# ASSIGNED TASK:
Once the pictures are removed, output the remaining entries exactly as given.

== TASK INPUTS

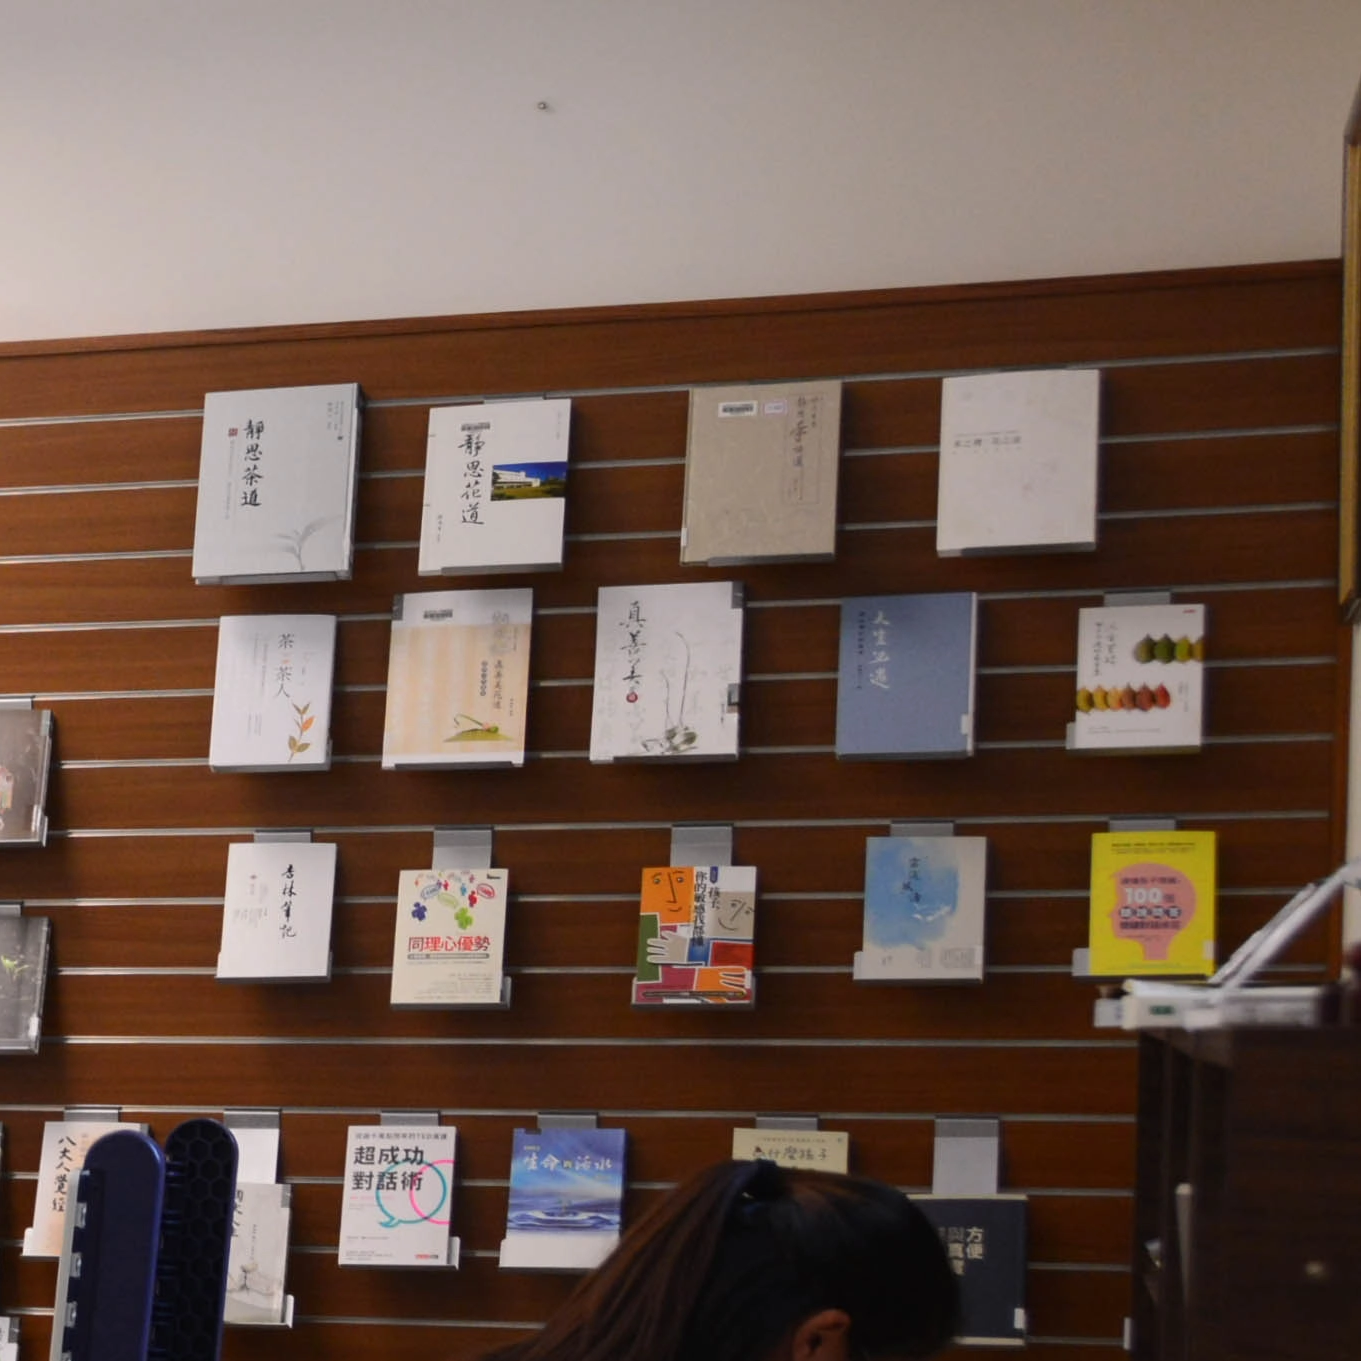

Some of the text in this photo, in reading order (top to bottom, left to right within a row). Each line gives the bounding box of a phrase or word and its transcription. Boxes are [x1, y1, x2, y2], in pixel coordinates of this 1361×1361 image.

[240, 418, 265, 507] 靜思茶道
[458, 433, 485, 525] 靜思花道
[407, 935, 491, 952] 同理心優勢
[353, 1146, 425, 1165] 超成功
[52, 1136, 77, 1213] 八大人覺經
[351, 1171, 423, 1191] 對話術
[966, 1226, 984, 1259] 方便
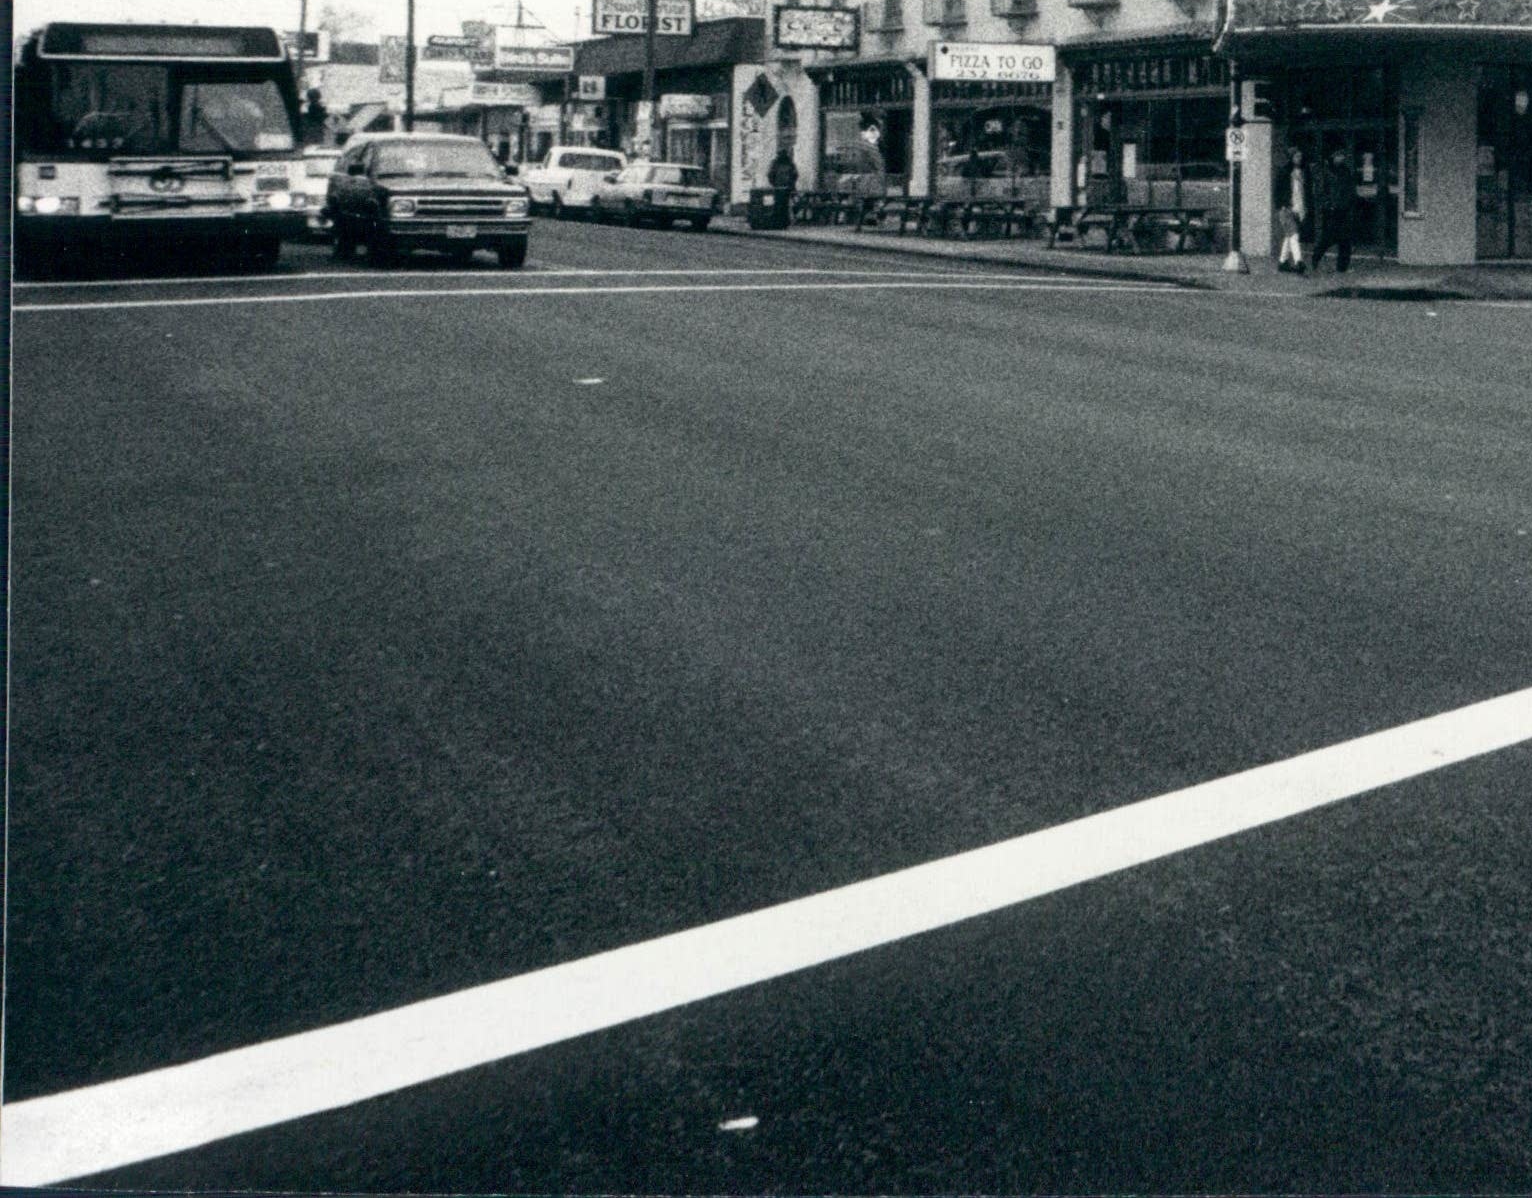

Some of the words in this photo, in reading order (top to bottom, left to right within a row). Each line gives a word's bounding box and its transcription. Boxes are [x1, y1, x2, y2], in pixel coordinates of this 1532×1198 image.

====

# ANSWER FOR THIS EXERCISE:
Some of the text in this photo, in reading order (top to bottom, left to right within a row). Each line gives the bounding box of a phrase or word and its transcription. Boxes are [x1, y1, x2, y2], in pixel coordinates of this 1361×1361 image.

[240, 418, 265, 507] 靜思茶道
[458, 433, 485, 525] 靜思花道
[407, 935, 491, 952] 同理心優勢
[353, 1146, 425, 1165] 超成功
[52, 1136, 77, 1213] 八大人覺經
[351, 1171, 423, 1191] 對話術
[966, 1226, 984, 1259] 方便

Some of the words in this photo, in reading order (top to bottom, left to right within a row). Each line gives a word's bounding box and its transcription. Boxes are [x1, y1, x2, y2], in pixel coordinates of this 1532×1198 image.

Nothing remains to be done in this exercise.